Under The Radar News 05.28.12

Posted on Wednesday, May 30, 2012 by Ai-Shan Lu

A weekly compilation of underreported events in Asia.

  • Former Taiwanese Premier Su Tseng-chang was elected chairman of the opposition-Democratic Progressive Party (DPP) on May 27 with a majority-50.47 percent of the vote by 163,808 registered members.

  • On May 25, American universities sponsoring Confucius Institutes, which are backed by the Chinese government, were given reassurances by the U.S. State Department that the legal status of the institutes was affirmed and that their Chinese faculty would not have to leave America by June 30.

  • South Korea reportedly urged China to comply with international law on the fair treatment of four South Korean detainees in China’s Liaoning Province who were human rights activists and accused by Beijing of assisting North Korean defectors.

  • The Japanese government reportedly disagreed with the estimation of radiation exposure in Japan released by the World Health Organization (WHO). According to an unnamed source in the Japanese government, "the WHO estimates deviate considerably from reality," which could result in anxiety among Japanese citizens.

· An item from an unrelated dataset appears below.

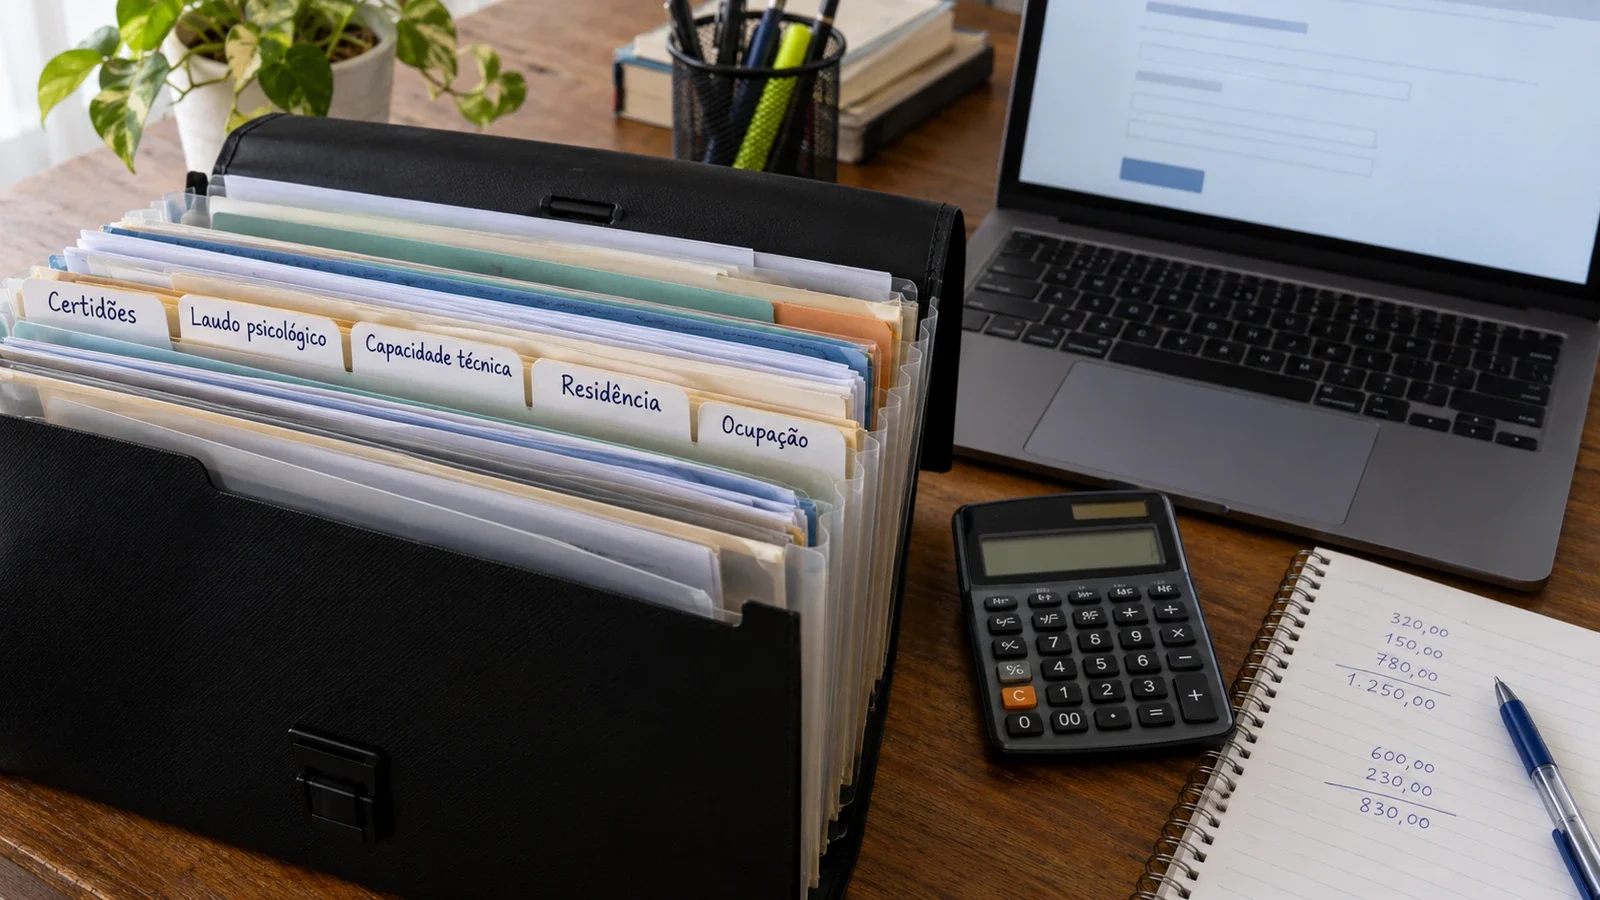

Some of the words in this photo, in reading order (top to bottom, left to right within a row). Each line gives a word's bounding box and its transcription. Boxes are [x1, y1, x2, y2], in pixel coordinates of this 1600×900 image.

  • Indian Bharatiya Janata Party (BJP) blamed the increase in petrol price on the Congress-led United Progressive Alliance (UPA) government. In addition, the second largest constituent of the Alliance, Trinamool Congress, is opposed to the increase in oil price as well.

  • A recent report on economic restructuring conducted by the Vietnamese National Assembly Economic Committee suggested a shift in the country’s emphasis from state-owned enterprises to the private sector in order to boost economic growth.

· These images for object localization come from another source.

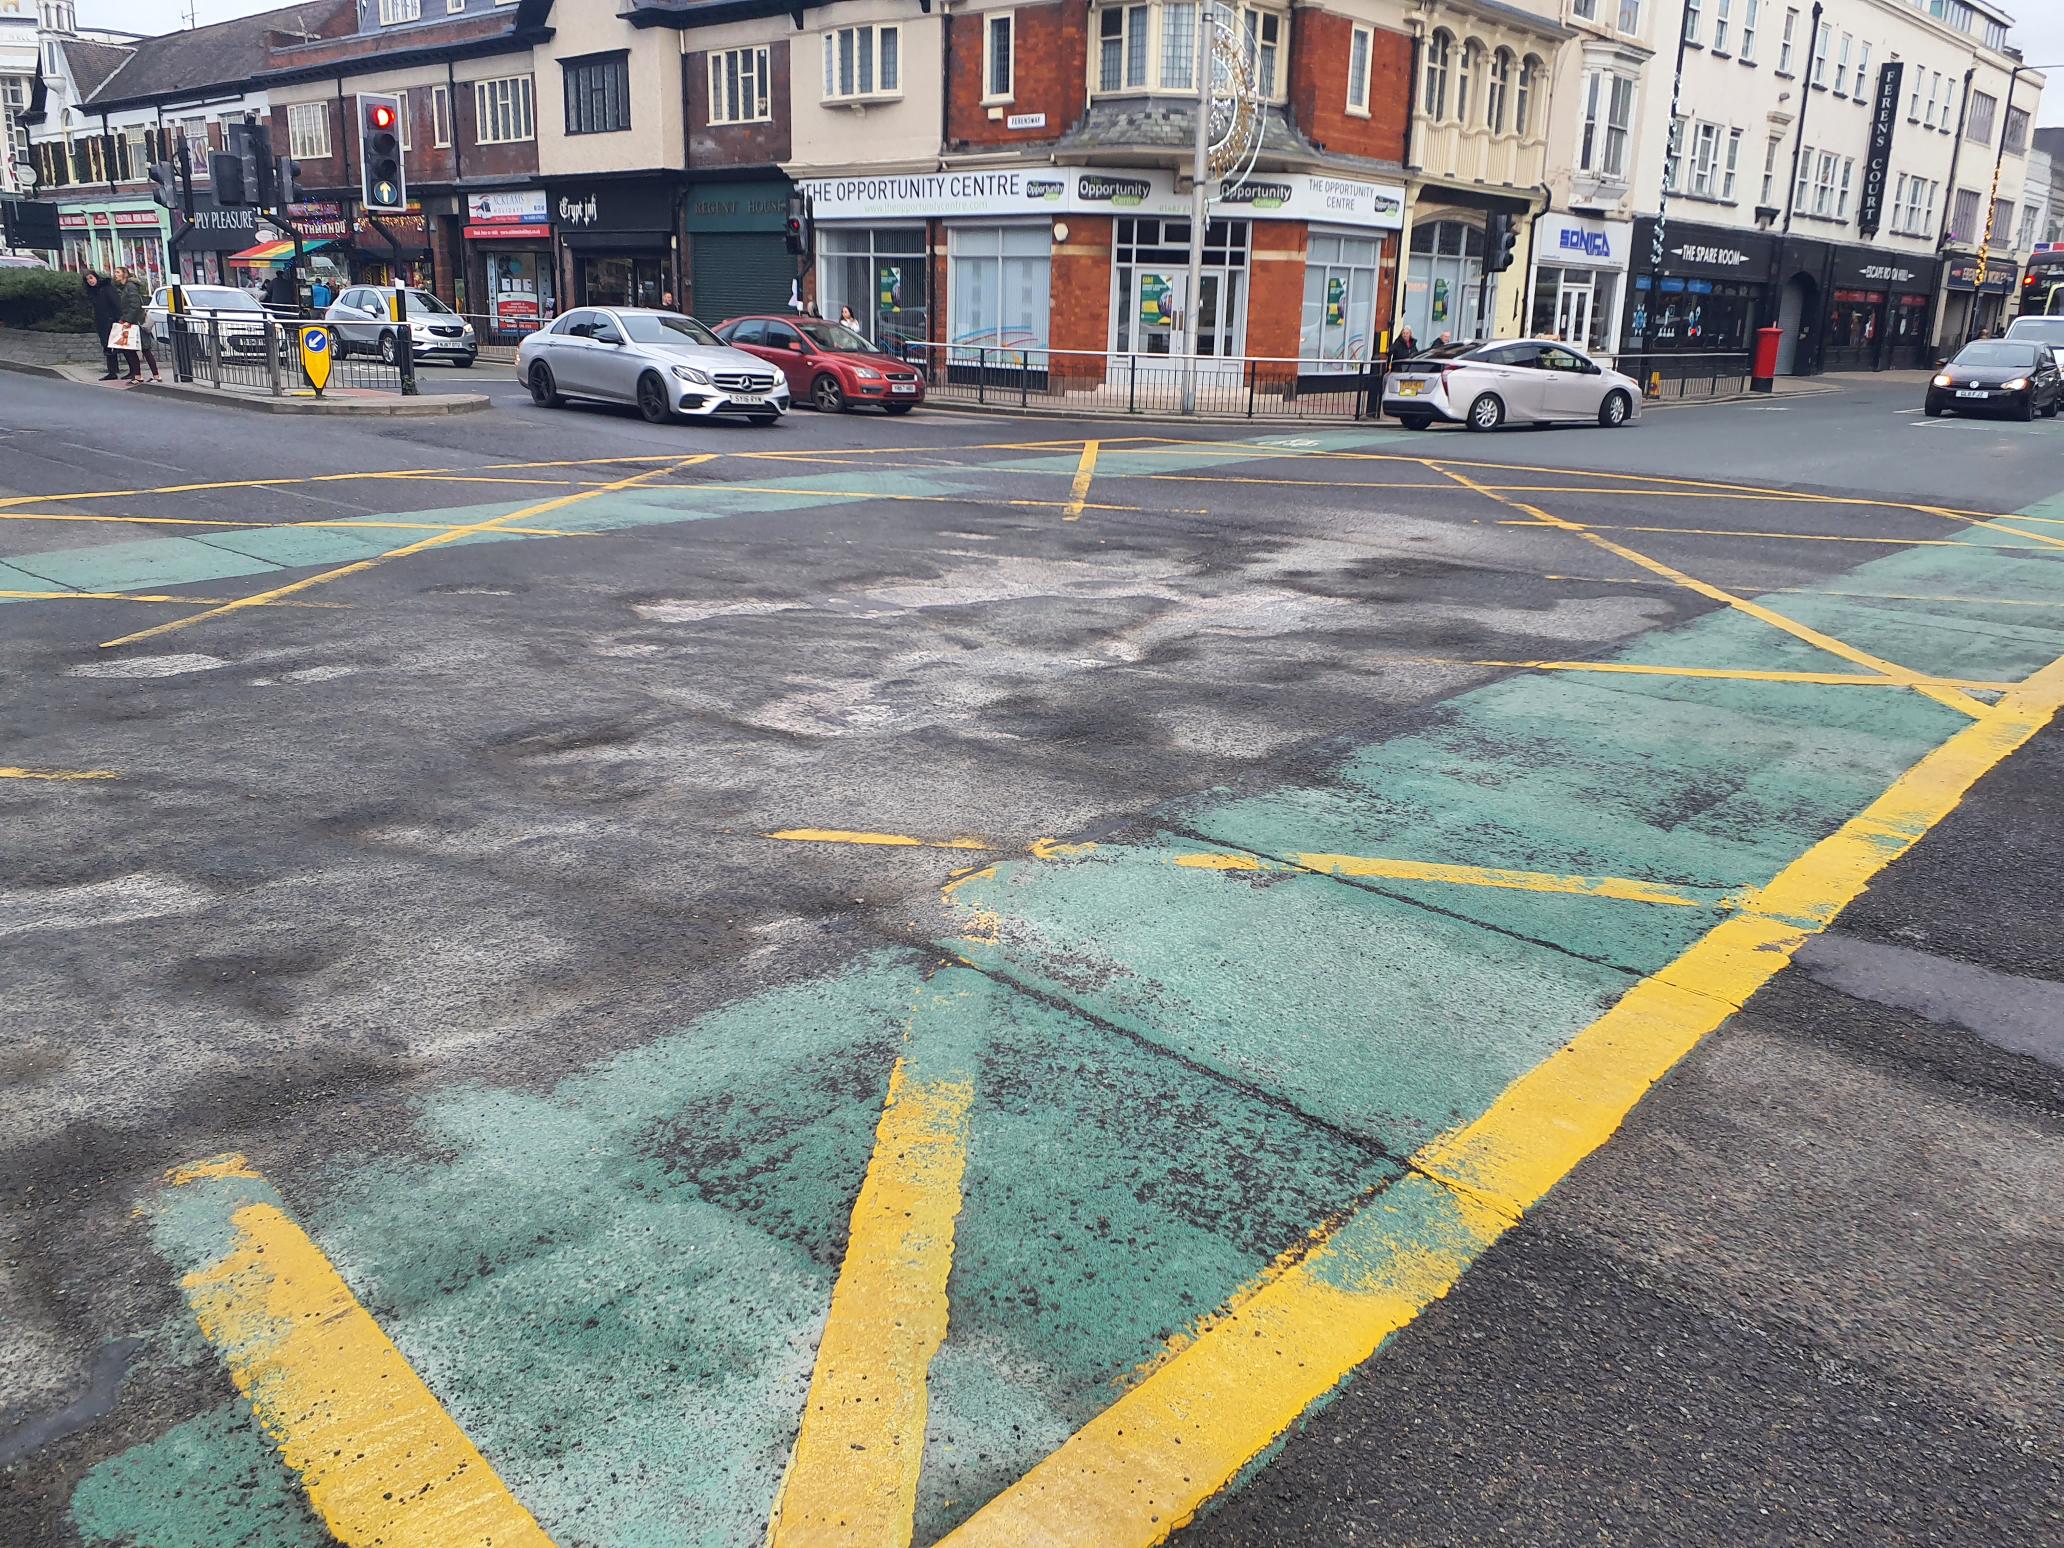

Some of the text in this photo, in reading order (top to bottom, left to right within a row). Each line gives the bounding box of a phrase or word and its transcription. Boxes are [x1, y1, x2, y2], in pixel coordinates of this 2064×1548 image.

[1865, 70, 1895, 220] FERENS COURT
[806, 174, 1020, 202] THE OPPORTUNITY CENTRE
[1080, 181, 1149, 198] Opportunity
[1221, 183, 1291, 201] Opportunity
[1309, 179, 1374, 199] THE OPPORTUNITY
[559, 195, 583, 226] Crypt
[696, 201, 736, 214] REGENT
[1327, 196, 1355, 211] CENTRE
[211, 210, 254, 229] PLEASURE
[1682, 244, 1740, 265] THE SPARE ROOM

  • According to official-Xinhua News Agency, Chinese policymakers is dealing with the current slowdown in economic growth with caution. Beijing is prioritizing growth stability and introducing more structural boosting programs to strengthen the economy (e.g. structural tax reduction policies).
  • Under The Radar News 05.21.12

    Posted on Tuesday, May 22, 2012 by Ai-Shan Lu

    A weekly compilation of underreported events in Asia.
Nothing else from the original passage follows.